IN the late 19th century, developments in transport saw cheap grain start to arrive from the US after trade tariffs were removed. Grain prices slumped leading to the ’Great Depression’ of British agriculture.

 

By 1930, the UK was 30 per cent self-sufficient in home-grown crops, but during World War II the total arable area increased by 50 per cent, going from the smallest area on record to the largest in just five years.

 

The height of the green revolution in the 1960s meant new crop varieties and better management practices, including use of fertilisers, greatly increased crop yields around the world.

 

Wheat yields jumped by one tonne per hectare in a decade, averaging 3.93t/ha. Potato and barley yields reached 25.4t/ha and 3.62t/ha, respectively.

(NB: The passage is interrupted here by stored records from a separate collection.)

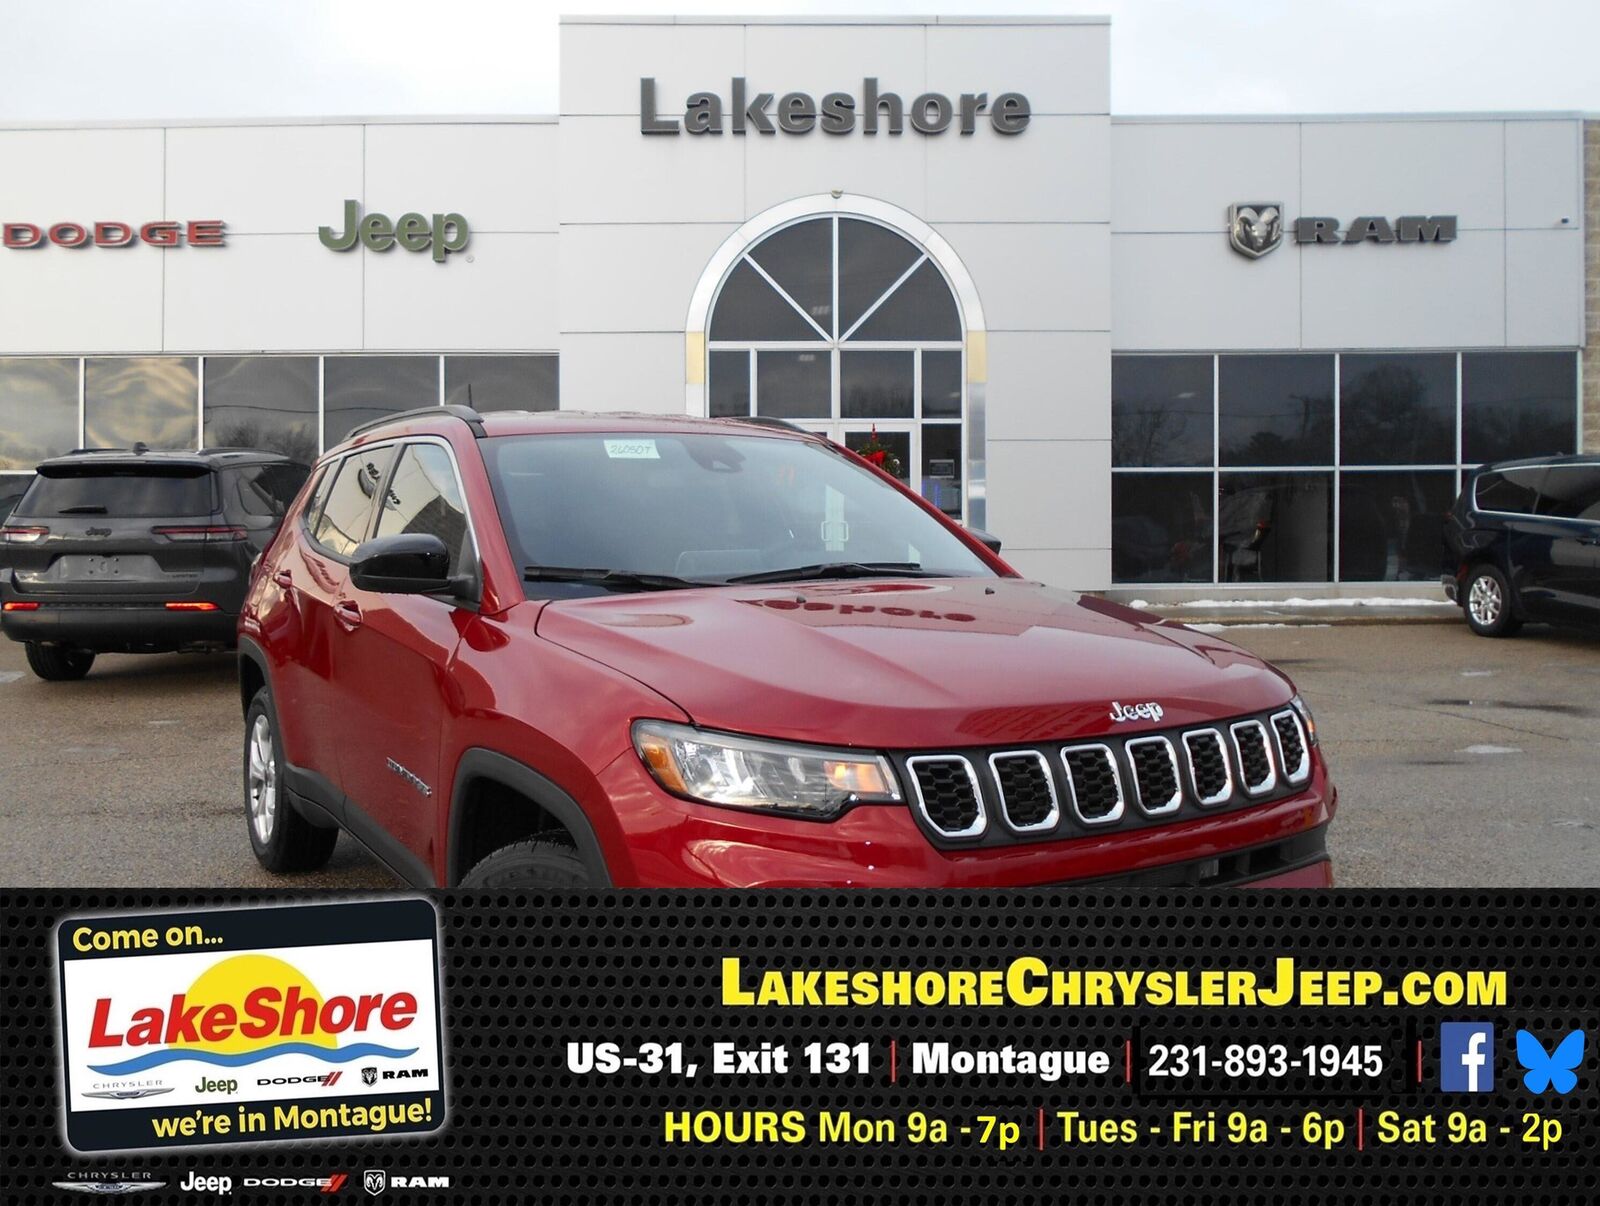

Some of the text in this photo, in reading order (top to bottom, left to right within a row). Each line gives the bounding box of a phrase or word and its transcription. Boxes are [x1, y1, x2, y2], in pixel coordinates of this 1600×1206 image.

[640, 77, 1031, 137] Lakeshore
[3, 220, 224, 248] DODGE
[318, 199, 470, 263] Jeep
[1295, 215, 1458, 245] RAM
[1109, 701, 1164, 722] Jeep

Chemistry to aid crop production surged with the introduction of glyphosate in 1974 and triazole fungicides in 1976, which established the first use of routine fungicide programmes.

 

The most substantial development for the arable sector was the first resistant wheat varieties, which were much higher yielding than anything that had been seen before.

 

Geneticist Dr Norman Borlaug, who introduced the first semi-dwarf variety, was awarded a Nobel Prize and named as the man who saved more human lives than any other.

Dr Norman Borlaug
Dr Norman Borlaug

SHEEP

 

DURING the 19th century, sheep became essentially a meat animal following Robert Bakewell’s theory of crossbreeding.

 

His new breed, the Dishley Leicester, an ancestor of the Border Leicester, a cross between the old Lincolnshire breed and a Leicestershire breed, was ready for market in two years, compared to up to four years for other breeds.

 

Concentration on carcase quality grew and the production of fine wool fell.

 

During this time there were more than 30 British breeds, with continental breeds not being introduced until the late 20th century.

 

Breeds were much lower performing, as early records suggest the Romney weighed about 35kg with a 2kg fleece.

 

An emphasis on crop production saw flock numbers fall during the world wars, but when the Common Agricultural Policy for sheepmeat was introduced, sheep numbers almost doubled to the highest level on record at 44.5 million in 1992.

 

BEEF

 

DURING the ‘Great Depression’ many arable farmers turned to beef and dairy production, which promised higher returns despite competition from Argentinian imports.

 

During the late 1800s the Aberdeen-Angus, the UK’s most popular native breed, was much the same size as it is today.

 

Despite its popularity, during the 1960s the breed was almost wiped out after smaller cattle suited to shipping container fridge size, were bred for the South American market.

 

When this trend ended, demand was low because the Aberdeen-Angus did not suit the higher carcase weights favoured in the UK.

 

In 1959, the first continental beef genetics arrived in Britain, with Charolais semen smuggled in a thermos flask.

 

The BSE crisis in the late 1980s led to a public of for beef developing.

 

Provocatively named ‘mad cow disease’, beef consumption fell by a third and 4.4 million cattle were slaughtered to try and stop the disease.

 

In the last year, £2.2 billion was spent on beef by the British consumer, according to AHDB.

POULTRY

 

THE discovery of vitamin D in the early 1900s led to a small revolution in poultry keeping, which was mostly small scale, with egg production averaging 80-150 eggs per bird per year.

 

When World War II began, about 30 per cent of all eggs were imported from countries as far away as Australia, China and Russia.

 

Rations held back the poultry industry, because feed was not readily available, and it was not until the 1950s that commercial poultry production began to take off.

 

Developments including the introduction of broilers to the UK, indoor units with lighting and better understanding of poultry nutrition all contributed to a boom in meat and egg production.

 

By 1958, layers produced about 240 eggs a year, and broilers would reach a slaughter weight of 1.9kg in 70 days.

 

In 1988, the egg industry slumped as a result of the salmonella food scare, but last year egg sales hit a 40-year high, with 13.2 billion eggs being consumed.